Directions: Drop every picture, then print the rest of the listing exactly as given.

Material shown:
********************
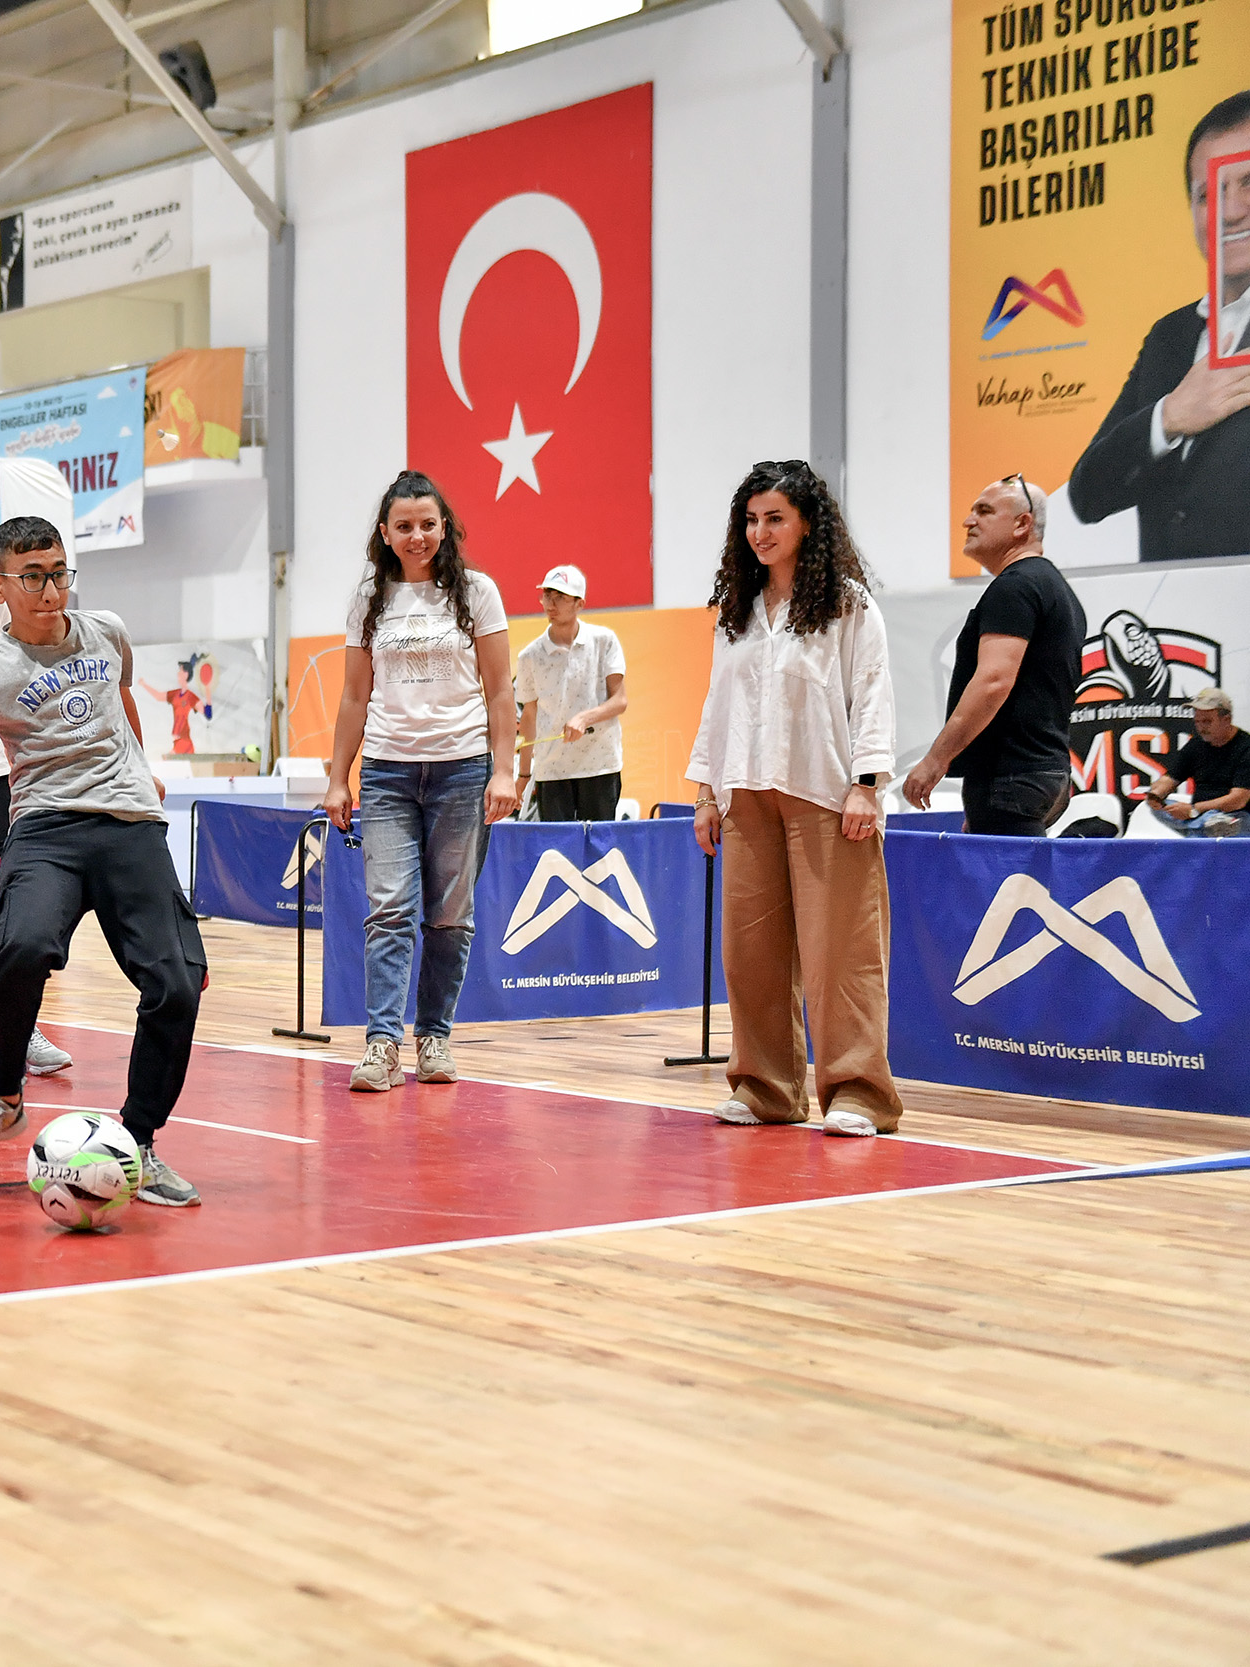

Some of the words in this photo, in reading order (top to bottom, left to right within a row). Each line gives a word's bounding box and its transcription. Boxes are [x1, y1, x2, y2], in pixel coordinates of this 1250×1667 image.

[982, 3, 1044, 56] TÜM
[983, 43, 1094, 112] TEKNİK
[1103, 20, 1200, 84] EKİBE
[979, 93, 1154, 171] BAŞARILAR
[59, 200, 114, 222] sporcunun
[132, 201, 181, 223] zamanda
[979, 161, 1105, 227] DİLERİM
[49, 403, 87, 421] HAFTASI
[977, 375, 1034, 416] Vahap
[58, 452, 119, 495] DİNİZ
[377, 629, 458, 650] Different
[17, 669, 62, 713] NEW
[60, 659, 110, 684] YORK
[1097, 702, 1163, 720] BÜYÜKŞEHİR
[501, 978, 515, 989] T.C.
[516, 974, 551, 988] MERSİN
[552, 971, 615, 988] BÜYÜKŞEHİR
[616, 967, 660, 984] BELEDİYESİ
[954, 1033, 975, 1048] T.C.
[977, 1036, 1026, 1055] MERSİN
[1028, 1041, 1123, 1064] BÜYÜKŞEHİR
[1126, 1050, 1206, 1070] BELEDİYESİ
********************
Solved problem:
Some of the words in this photo, in reading order (top to bottom, left to right within a row). Each line gives a word's bounding box and its transcription. Boxes are [x1, y1, x2, y2], in pixel coordinates of this 1250×1667 image.

[982, 3, 1044, 56] TÜM
[983, 43, 1094, 112] TEKNİK
[1103, 20, 1200, 84] EKİBE
[979, 93, 1154, 171] BAŞARILAR
[59, 200, 114, 222] sporcunun
[132, 201, 181, 223] zamanda
[979, 161, 1105, 227] DİLERİM
[49, 403, 87, 421] HAFTASI
[977, 375, 1034, 416] Vahap
[58, 452, 119, 495] DİNİZ
[377, 629, 458, 650] Different
[17, 669, 62, 713] NEW
[60, 659, 110, 684] YORK
[1097, 702, 1163, 720] BÜYÜKŞEHİR
[501, 978, 515, 989] T.C.
[516, 974, 551, 988] MERSİN
[552, 971, 615, 988] BÜYÜKŞEHİR
[616, 967, 660, 984] BELEDİYESİ
[954, 1033, 975, 1048] T.C.
[977, 1036, 1026, 1055] MERSİN
[1028, 1041, 1123, 1064] BÜYÜKŞEHİR
[1126, 1050, 1206, 1070] BELEDİYESİ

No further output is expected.